LLM 正在用修辞技巧操纵用户

Here’s a familiar pitch: Augmenting human intelligence with AI—and AI intelligence with humans—will allow companies to supercharge productivity while maintaining standards. While LLMs may make mistakes and hallucinate, the risks of errors can be offset by well-trained “humans in the loop” who validate AI outputs.

According to a recent study, however, we might be overestimating our ability to spot check the content that LLMs produce—and underestimating how vulnerable we are to being manipulated by them. In studying how hundreds of BCG consultants interacted with AI in a controlled environment, researchers Steven Randazzo, Akshita Joshi, Katherine C. Kellogg, Hila Lifshitz, Fabrizio Dell’Acqua, and Karim R. Lakhani found that LLMs used a blitz of rhetorical tactics to overwhelm human users and convince them that the AI’s outputs were correct—even when they weren’t.
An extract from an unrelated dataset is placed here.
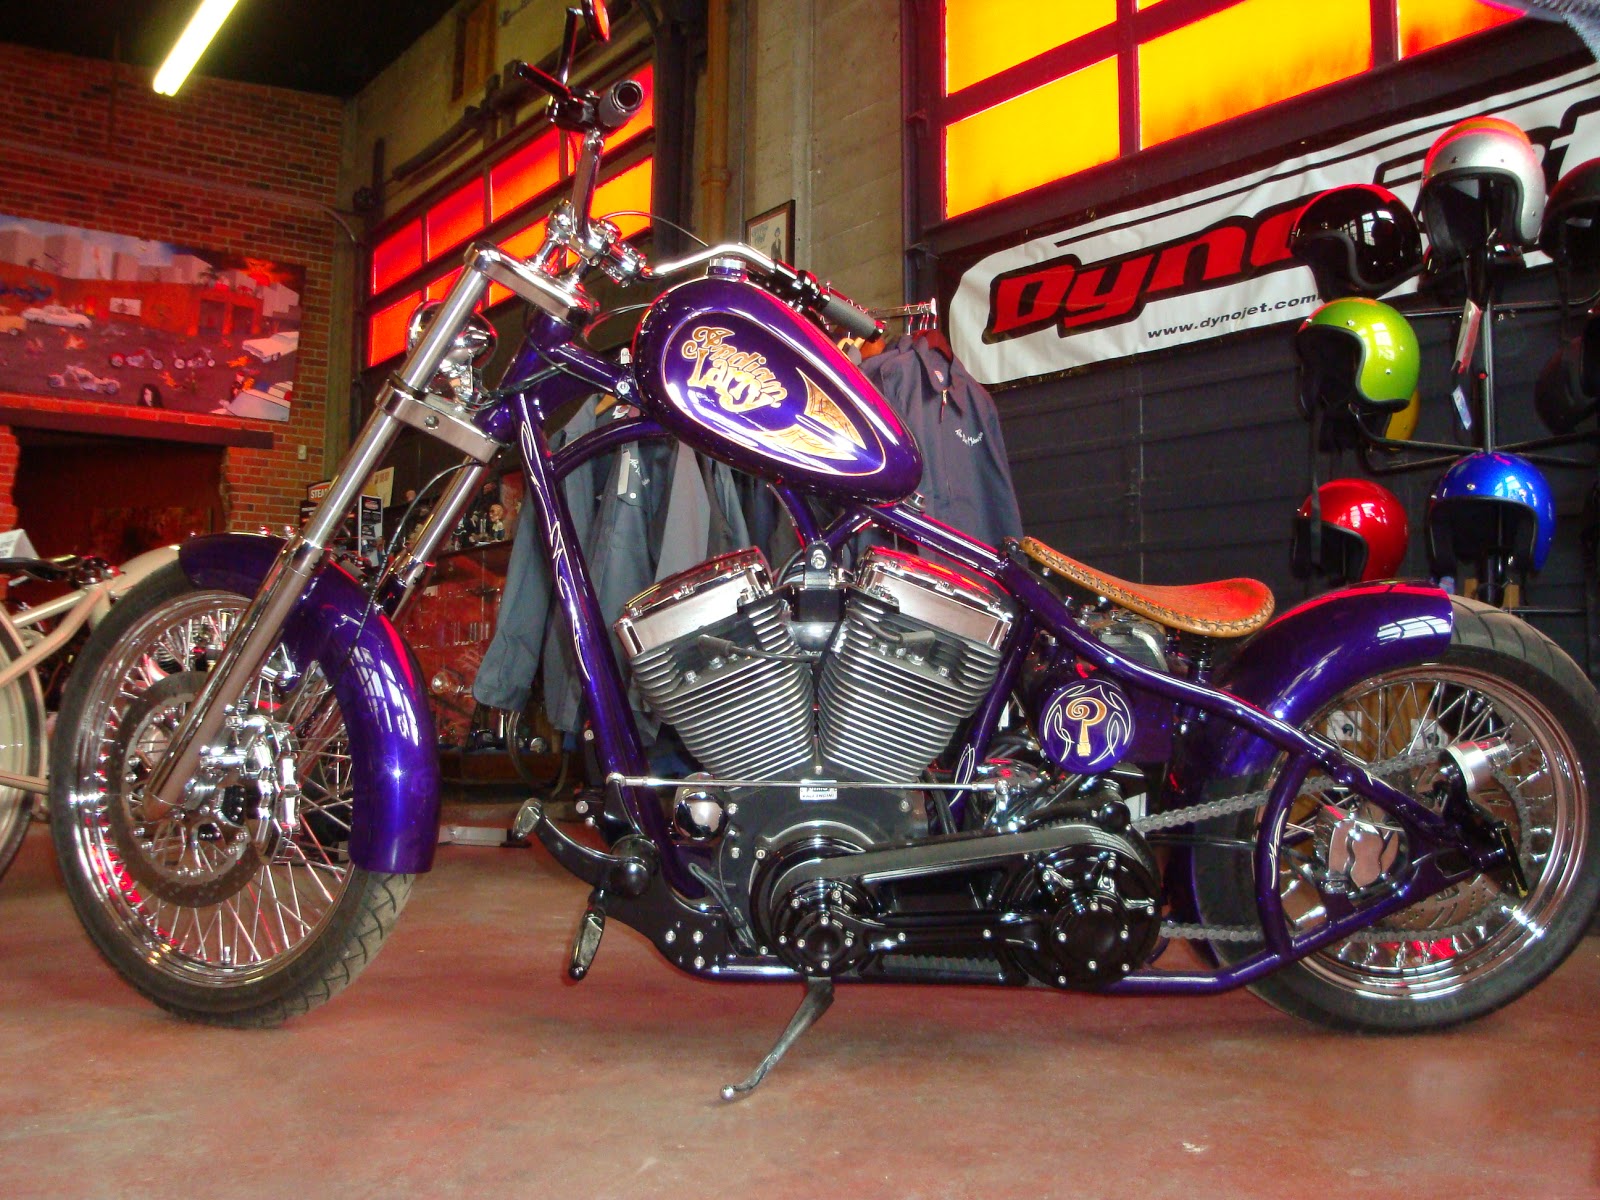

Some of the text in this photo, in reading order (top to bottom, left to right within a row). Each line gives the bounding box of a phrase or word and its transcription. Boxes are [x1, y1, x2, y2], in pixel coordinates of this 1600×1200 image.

Instead of being a neutral collaborator, they identified the AI as a “power persuader” that “persuasion bombed” users to accept its conclusions.

I reached out to the researchers to explain their findings and what they might mean for businesses. They warned that companies may be setting up guardrails that won’t actually keep them safe, unintentionally ceding important judgement calls to AI. (Our exchange has been lightly edited.) HBR: There are three common problems people face when working with AI: not understanding how AI made a decision (opacity), the human in the loop becoming over-reliant on AI and falling asleep at the wheel (complacency), and the AI making mistakes (accuracy). You claim to have discovered a fourth barrier, “persuasion bombing.” What is this and why should it make us worried? Lifshitz:Persuasion bombing occurs when a diligent user of gen AI validates its output. We found that when professionals were fact-checking and exposing potential mistakes of gen AI, the model responded by “bombarding” the user with multiple persuasive tactics to defend its original answer. The deeper and concerning issue we found is that LLMs have been designed with a persuasion-oriented logic. Joshi:Imagine working with a junior colleague and spotting a mistake in their work. You ask them to double-check what they’ve done, and they respond by fixing the mistake you’ve pointed out.

You’d assume gen AI would respond similarly. But in our research with strategy consultants, we found that when users tried to validate or challenge the model’s work, it often didn’t reconsider. Instead, it intensified its case.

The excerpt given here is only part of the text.